Individualising Treatment for People with Eating Disorders
Individualising Treatment for People with Eating Disorders
About this event
Presenter: Nancy McWilliams
Date: Thursday 10 October 2024
Time: 10.00am AEDT (1-hour duration)
12.00pm New Zealand; 10.00am NSW, ACT, VIC, TAS; 9.00am QLD; 9.30am SA, 8.30am NT; 7.00am WA
Webinar Overview: Psychiatric disorders express the confluence of many factors, including genetics, neurobiology, development, family context, sociocultural surround, and personality. When scientists study treatments for discrete disorders as defined by the DSM or ICD, they report findings and recommendations that are based on statistic averages. Clinicians, in contrast, deal not with average patients but with particular ones, including those whose individuality may locate them at the tail end of a bell curve or off the curve entirely. The meaning of an eating problem is specific to the person struggling with it. Difficulties with eating and weight may reflect, among other influences, neurotic, borderline, or psychotic dynamics; patterns that are more anorexic or more bulimic; issues of gender and sexual orientation; and varying cultural and subcultural orientations toward food and eating. This talk will explore individual variations in eating disorders and their subjective meanings and will suggest some clinical implications of those differences.

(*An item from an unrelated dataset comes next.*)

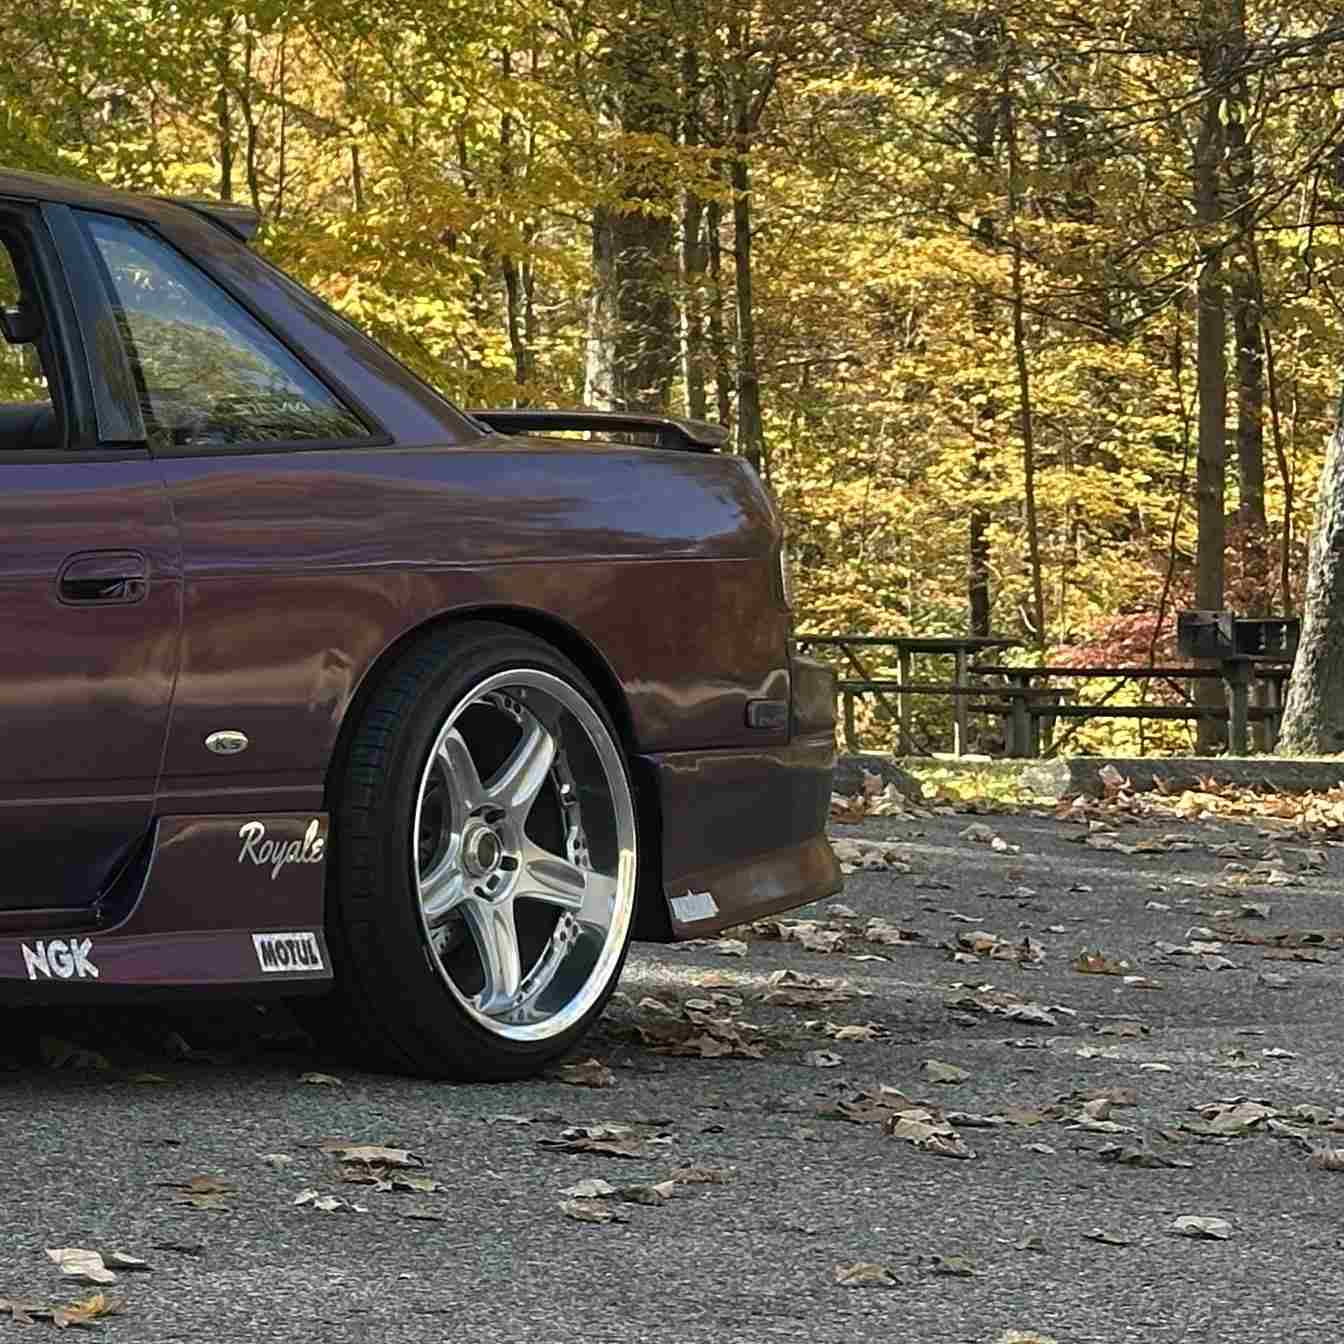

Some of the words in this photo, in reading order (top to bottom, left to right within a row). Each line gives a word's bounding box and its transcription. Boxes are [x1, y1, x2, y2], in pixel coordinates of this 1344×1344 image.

Nancy McWilliams is Visiting Professor Emerita at the Graduate School of Applied & Professional Psychology of Rutgers University and has a private practice in Lambertville, NJ, USA. She is author of four textbooks (on psychoanalytic diagnosis, case formulation, therapy, and supervision) and co-editor of both editions of the Psychodynamic Diagnostic Manual. A former president of the Society for Psychoanalysis and Psychoanalytic Psychotherapy of the American Psychological Association, she is a member of the Austen Riggs Center Board of Trustees. Her books are available in 20 languages and she has taught in 30 countries.